The Victorian Government’s plan for innovation


A few weeks ago, we discussed the budgeted initiatives contained in Labor’s Financial Statement, which provides much-needed direction on this new government’s priorities and programs. In addition to investment initiatives and direction, this statement also alludes to the government’s plans for innovation.

Importantly, the Victorian Government’s direction for technology focuses on how technology can enable key high-growth industry sectors to become more innovative and thus more competitive. These high-growth sectors are positioned to lead the overall economic competitiveness of the state. They include:

  • Medical technology (medtech)
  • International education
  • New energy
  • Professional services
  • Transport
  • Food and fibre

To achieve this sectoral growth, the technology industry requires significant investment in skills and job growth, as well as commercial and financial support to enable and foster innovation.
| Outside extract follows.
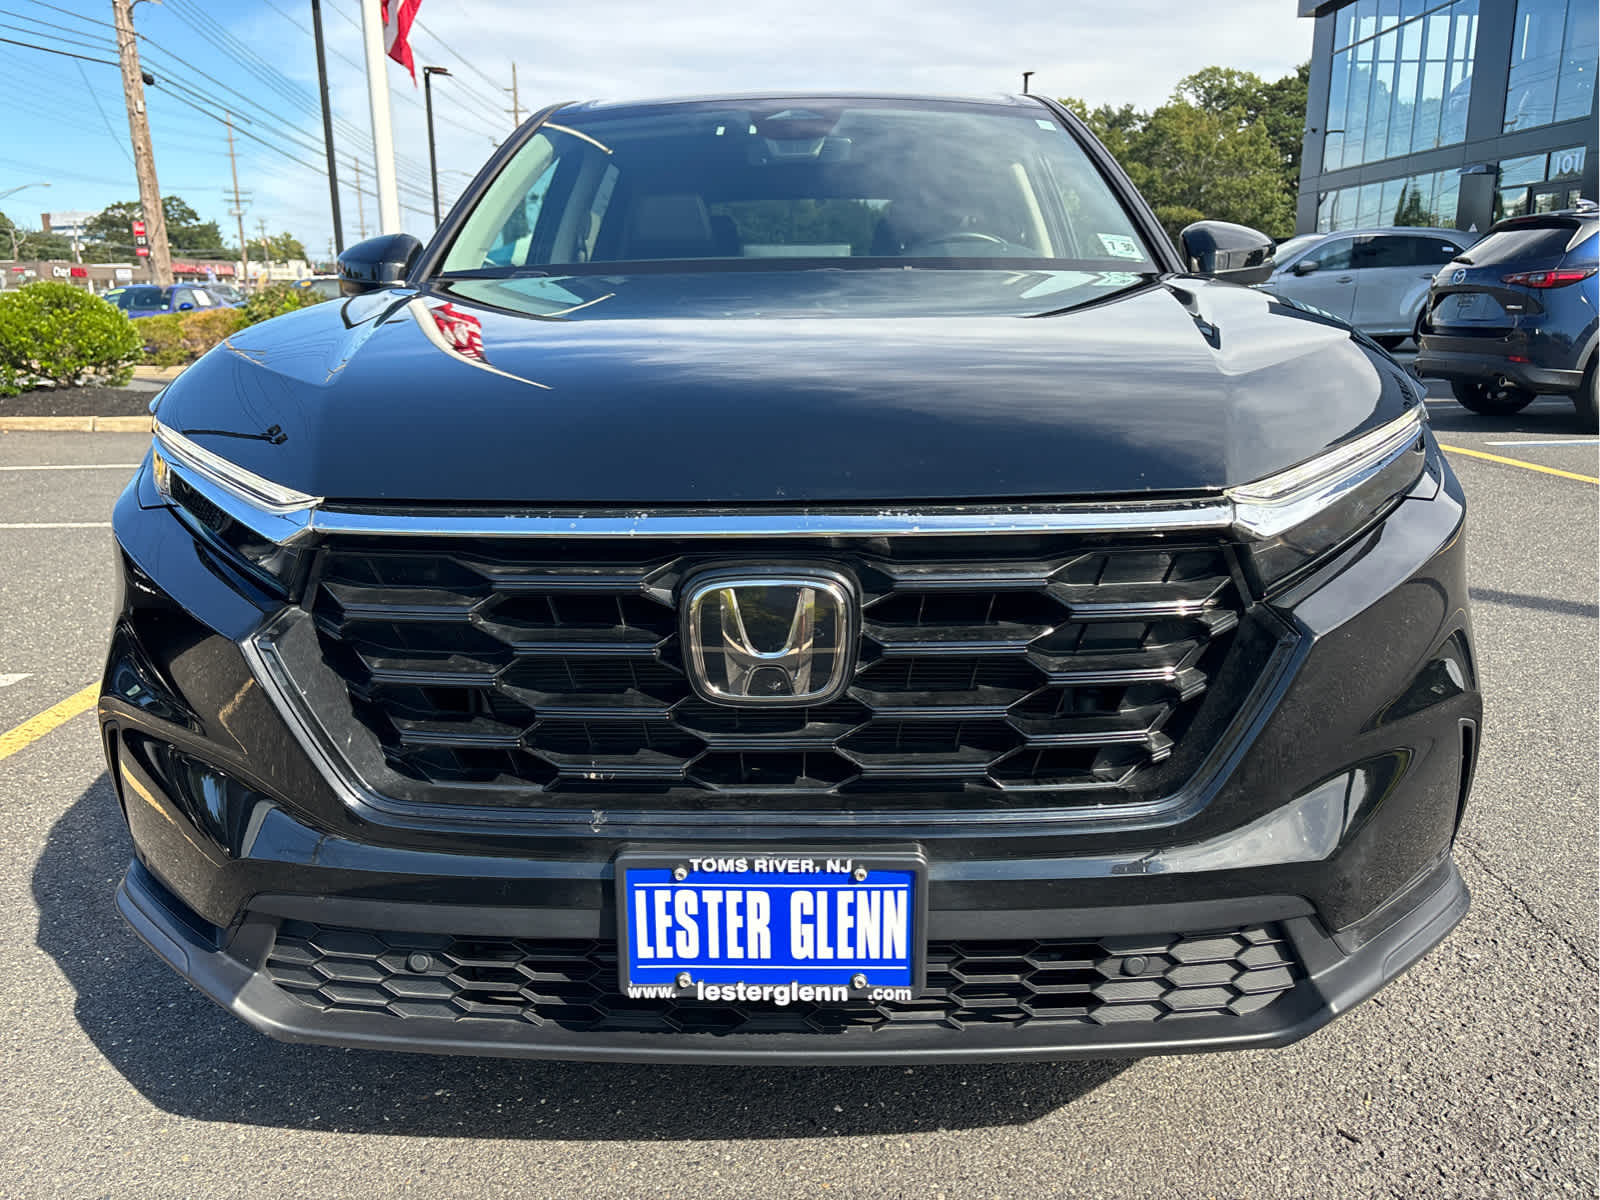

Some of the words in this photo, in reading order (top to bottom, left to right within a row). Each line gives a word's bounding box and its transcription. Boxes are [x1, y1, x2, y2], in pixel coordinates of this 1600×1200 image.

The current government’s plans for innovation address the following key areas:

  • The Premier’s Jobs and Investment Panel will use the unique insights of the private sector on how to invest $500 million to create high-skill, high-wage jobs.
  • The $200 million Future Industries Fund will offer grants to firms and companies specialising in the above six high-growth sectors, in which Victoria is poised to lead the world.
  • The establishment of Start-Up Victoria, a $60 million body to bring the state’s most promising and innovative ideas to life through business case development, investment attraction and intellectual property advice.
  • Labor’s Innovation Expert Panel, led by Victoria’s Chief Scientist and made up of researchers, industry figures, entrepreneurs and Victoria’s Chief Technology Advocate, will sit alongside the Premier’s Jobs and Investment Panel, and assess all initiatives to evaluate the viability of their commercialisation.
  • A review by the Victorian Competition and Efficiency Commission will recommend new procurement guidelines for innovation, research and development, and include R&D investment as an evaluation criteria in procurement.

While many of these initiatives are still at the inception stage, work is progressing on each one. The majority are being sponsored through the Department of Economic Development, Jobs, Transport and Resources, supported by the Minister for Small Business, Innovation and Trade. I look forward to hearing more detail from the government on how these initiatives will be delivered an and the timing of them.